* [Free-text object descriptions]:
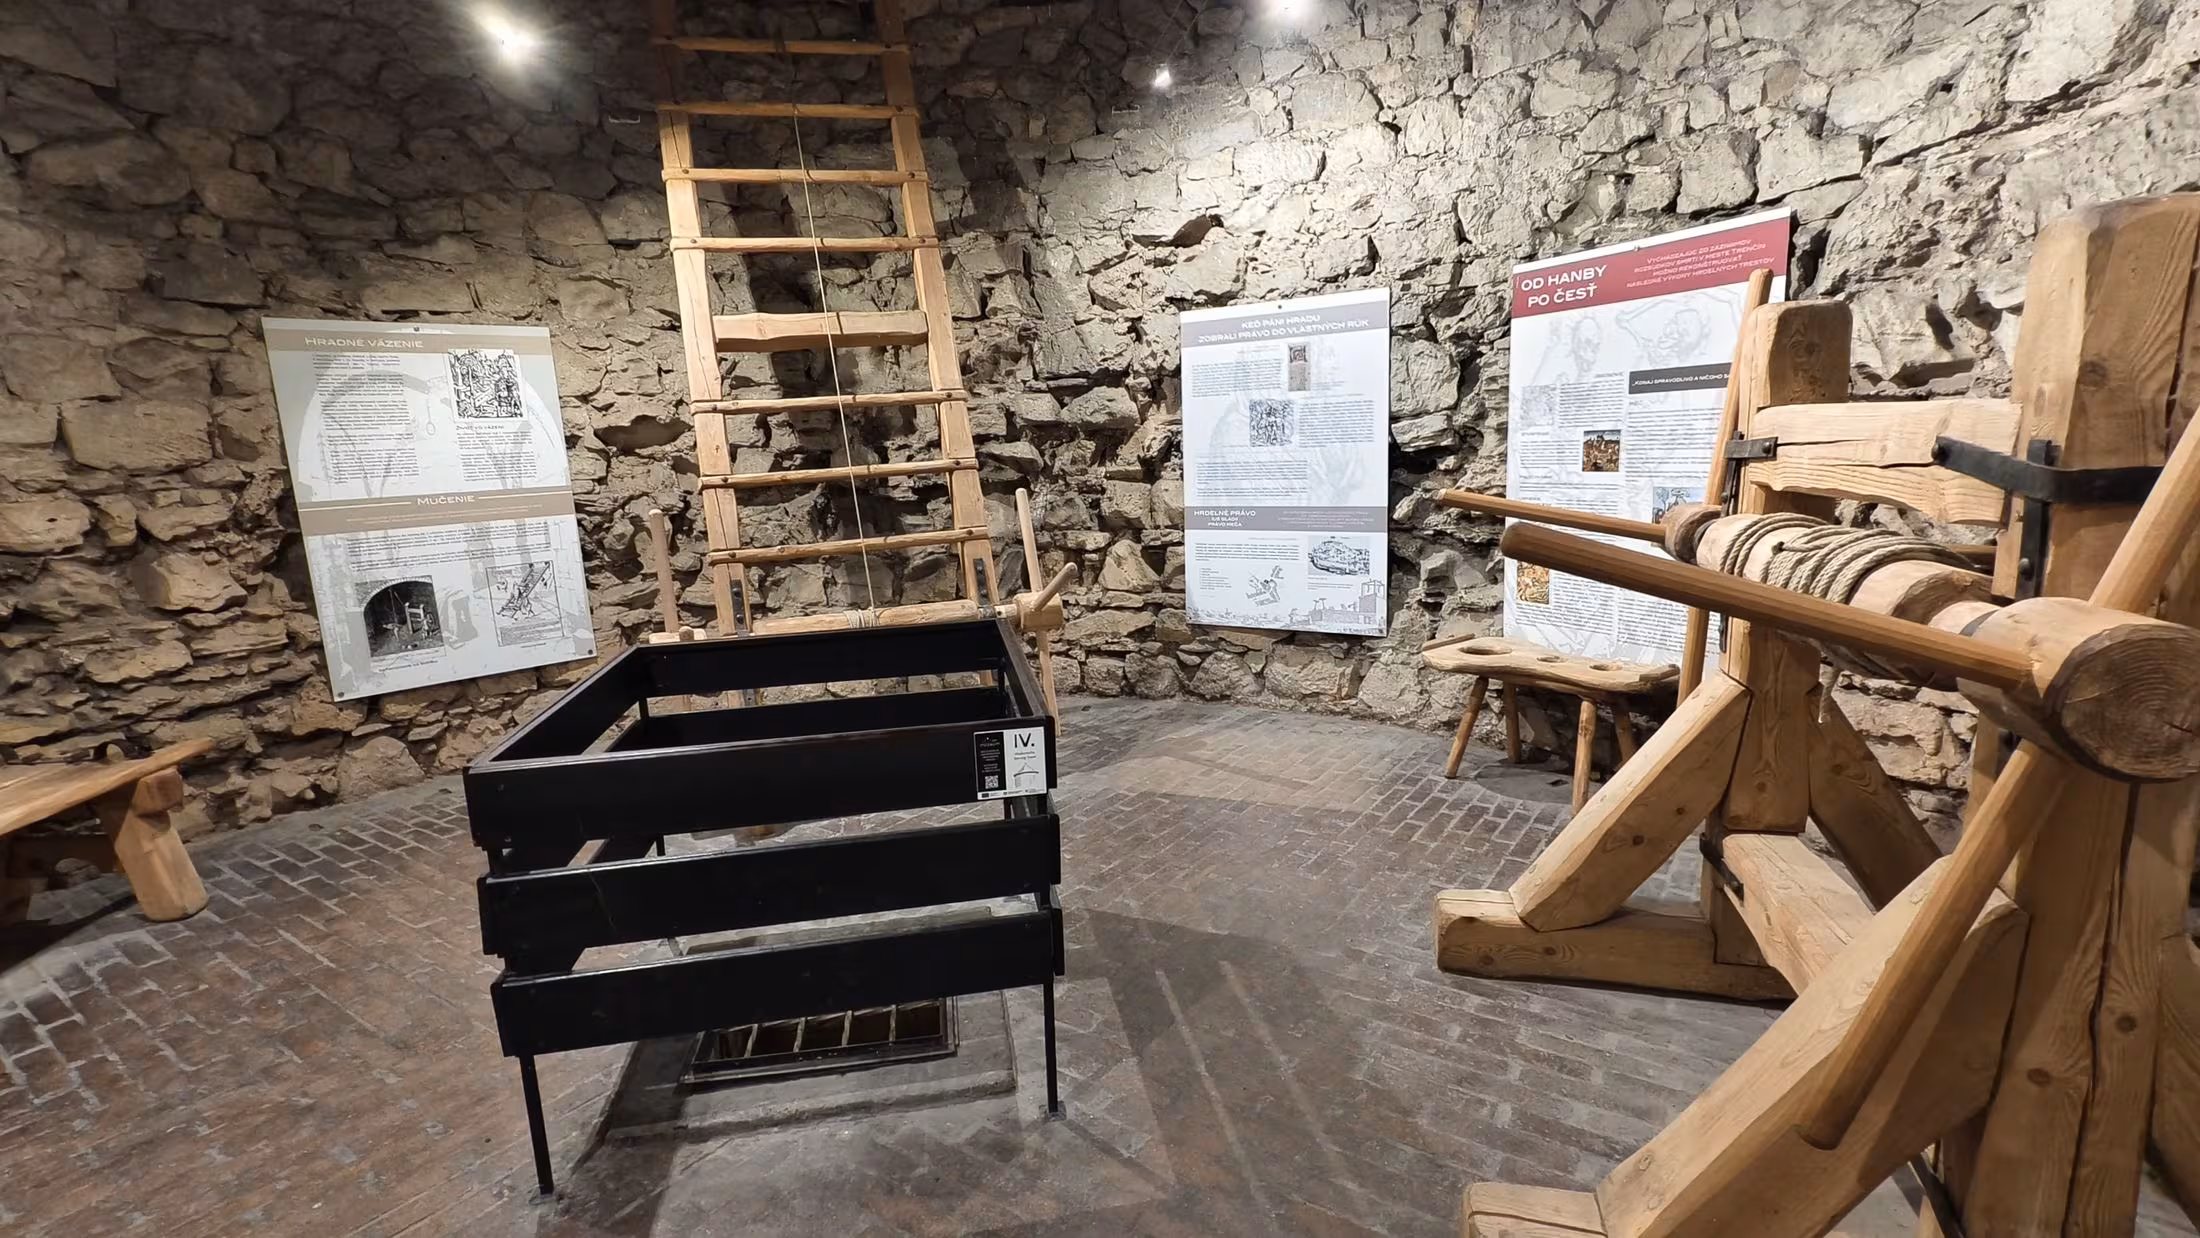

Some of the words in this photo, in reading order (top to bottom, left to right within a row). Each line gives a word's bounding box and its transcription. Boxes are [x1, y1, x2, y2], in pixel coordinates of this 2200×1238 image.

[1521, 277, 1544, 291] OD
[1548, 265, 1607, 286] HANBY
[1528, 294, 1550, 308] PO
[1553, 282, 1597, 303] ČESŤ
[1271, 327, 1286, 336] DO
[417, 495, 475, 505] MUČENIE
[1230, 508, 1256, 517] PRÁVO
[1014, 732, 1035, 748] IV.

* [WORK TASK]:
All of the lines above must be printed again exactly, and no picture may appear in the copy.

* [ANSWER FOR THE TASK]:
Some of the words in this photo, in reading order (top to bottom, left to right within a row). Each line gives a word's bounding box and its transcription. Boxes are [x1, y1, x2, y2], in pixel coordinates of this 2200×1238 image.

[1521, 277, 1544, 291] OD
[1548, 265, 1607, 286] HANBY
[1528, 294, 1550, 308] PO
[1553, 282, 1597, 303] ČESŤ
[1271, 327, 1286, 336] DO
[417, 495, 475, 505] MUČENIE
[1230, 508, 1256, 517] PRÁVO
[1014, 732, 1035, 748] IV.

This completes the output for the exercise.